New Policy: OJK Sulteng Jangkau Ratusan Ribu Peserta dalam Program Literasi Keuangan Awal 2026
OJK Sulteng Luncurkan New Policy Literasi Keuangan Awal 2026
New Policy - Menjelang akhir tahun 2026, Otoritas Jasa Keuangan (OJK) Sulawesi Tengah telah mencapai angka peserta sebanyak 349.497 orang dalam program literasi keuangan Januari-Maret 2026. Capaian ini menjadi bukti keberhasilan New Policy yang diterapkan oleh OJK Sulteng dalam meningkatkan pemahaman masyarakat tentang pengelolaan keuangan secara bijak.

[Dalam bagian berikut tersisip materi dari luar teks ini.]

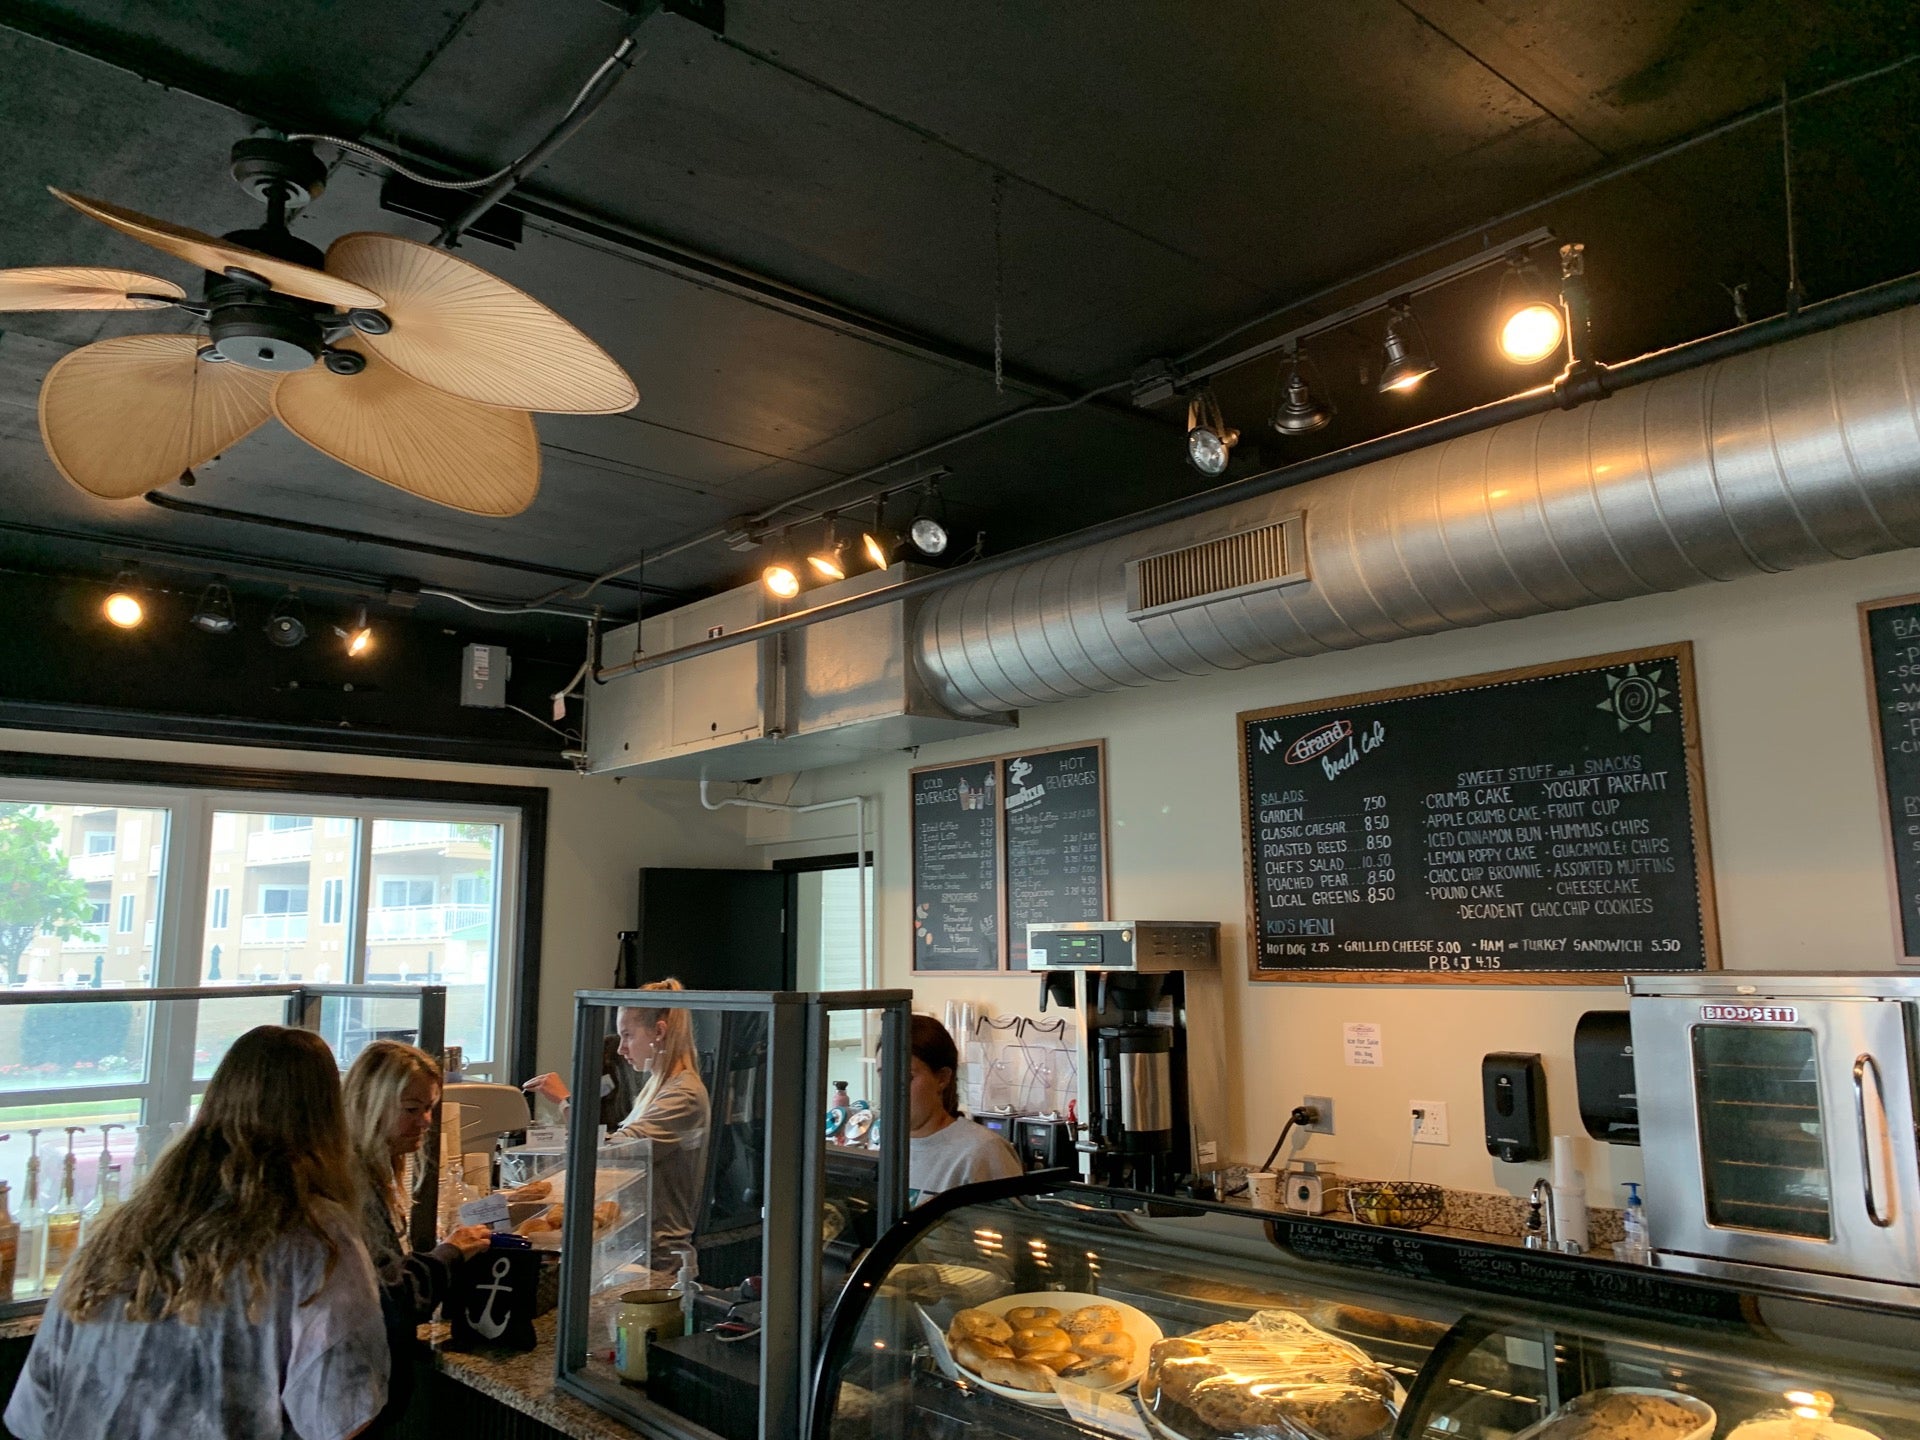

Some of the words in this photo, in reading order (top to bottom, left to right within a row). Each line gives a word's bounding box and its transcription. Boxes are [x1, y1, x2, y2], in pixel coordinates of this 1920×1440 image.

Berbagai kegiatan edukasi telah diadakan secara rutin di berbagai wilayah Sulteng, dengan tujuan untuk memberikan pemahaman yang lebih luas tentang produk dan layanan jasa keuangan.
“New Policy ini dirancang untuk memperluas akses keuangan dan meningkatkan kesadaran masyarakat terhadap risiko investasi ilegal serta pinjaman daring. Kami telah mengadakan 84 kegiatan edukasi dalam tiga bulan pertama tahun 2026, yang menjangkau berbagai kalangan seperti pelajar, UMKM, hingga penyandang disabilitas,” ujar Bonny Hardi Putra, Kepala OJK Sulawesi Tengah.

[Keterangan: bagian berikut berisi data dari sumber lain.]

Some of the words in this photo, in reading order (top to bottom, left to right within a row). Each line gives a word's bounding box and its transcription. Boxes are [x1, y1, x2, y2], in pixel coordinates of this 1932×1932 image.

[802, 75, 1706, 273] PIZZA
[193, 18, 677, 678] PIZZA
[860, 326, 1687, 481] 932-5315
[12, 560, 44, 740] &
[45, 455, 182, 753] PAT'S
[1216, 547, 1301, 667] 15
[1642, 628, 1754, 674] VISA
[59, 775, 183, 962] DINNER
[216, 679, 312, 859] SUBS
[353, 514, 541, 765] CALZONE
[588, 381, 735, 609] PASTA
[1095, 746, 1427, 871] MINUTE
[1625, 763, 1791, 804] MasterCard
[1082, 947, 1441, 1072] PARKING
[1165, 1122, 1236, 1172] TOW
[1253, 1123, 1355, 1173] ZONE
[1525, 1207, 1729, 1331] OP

Program literasi keuangan yang dimotori oleh New Policy Sulteng ini tidak hanya fokus pada pemahaman dasar, tetapi juga mencakup pelatihan praktis tentang pengelolaan dana, pengenalan instrumen keuangan, dan cara menghindari penipuan. Selain itu, OJK juga bekerja sama dengan lembaga lokal untuk menyelaraskan strategi edukasi dengan kebutuhan masyarakat setempat. Hal ini diharapkan dapat meningkatkan partisipasi aktif masyarakat dalam mencapai kemandirian finansial.

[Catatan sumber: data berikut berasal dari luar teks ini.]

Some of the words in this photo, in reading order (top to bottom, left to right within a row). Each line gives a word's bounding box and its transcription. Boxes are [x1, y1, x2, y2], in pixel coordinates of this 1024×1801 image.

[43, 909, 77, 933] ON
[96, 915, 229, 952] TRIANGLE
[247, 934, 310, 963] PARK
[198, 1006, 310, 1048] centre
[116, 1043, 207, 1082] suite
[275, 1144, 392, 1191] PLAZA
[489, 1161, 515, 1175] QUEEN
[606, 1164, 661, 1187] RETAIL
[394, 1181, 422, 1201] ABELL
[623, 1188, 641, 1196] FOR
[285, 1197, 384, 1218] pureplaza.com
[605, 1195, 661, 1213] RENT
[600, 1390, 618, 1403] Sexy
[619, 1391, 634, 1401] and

Strategi Penguatan Literasi Keuangan
Dalam menerapkan New Policy, OJK Sulteng mengadopsi pendekatan berbasis komunitas. Kegiatan seperti workshop, diskusi kelompok, dan seminar keuangan diselenggarakan di tingkat kecamatan dan kabupaten untuk memastikan akses yang merata. Selain itu, program ini juga memanfaatkan media sosial dan platform digital untuk menyebarkan informasi secara lebih cepat dan luas. Dengan strategi ini, OJK Sulteng mencoba mengatasi kesenjangan pengetahuan keuangan yang masih ada di kalangan masyarakat pedesaan dan urban.
Adapun New Policy yang diterapkan di tahun 2026 ini mencakup beberapa inisiatif khusus. Salah satunya adalah pelatihan keterampilan keuangan untuk generasi muda, yang diharapkan bisa membentuk pola pikir finansial sejak dini. Program ini juga menyasar masyarakat pedesaan melalui kegiatan seperti pertemuan rutin di balai desa dan acara budaya lokal yang diintegrasikan dengan materi keuangan. Dengan pendekatan yang lebih personal, OJK Sulteng berupaya mengurangi angka penggunaan layanan keuangan informal.
Peluang dan Tantangan Implementasi New Policy
Capaian nasional Gerakan Nasional Cerdas Keuangan OJK mencapai 200 juta peserta hingga Oktober 2025. Namun, tantangan dalam mengimplementasikan New Policy masih terasa, terutama di daerah-daerah dengan akses internet yang terbatas. Untuk mengatasi hal ini, OJK Sulteng mengalokasikan anggaran tambahan untuk menyediakan alat edukasi yang lebih praktis dan mudah diakses. Selain itu, pihaknya juga menggandeng mitra lokal untuk mengawasi perkembangan program ini secara berkelanjutan.
Implementasi New Policy di Sulteng juga berdampak pada pengurangan risiko penipuan di sektor keuangan. Dalam tahun 2025, OJK berhasil menyasar lebih dari 9,93 juta peserta melalui berbagai inisiatif, menunjukkan progres yang signifikan. New Policy tidak hanya menumbuhkan kesadaran akan investasi legal, tetapi juga memperkuat kepercayaan masyarakat terhadap lembaga keuangan formal. Dengan adanya program ini, harapan besar untuk mencapai tujuan literasi keuangan nasional semakin terwujud.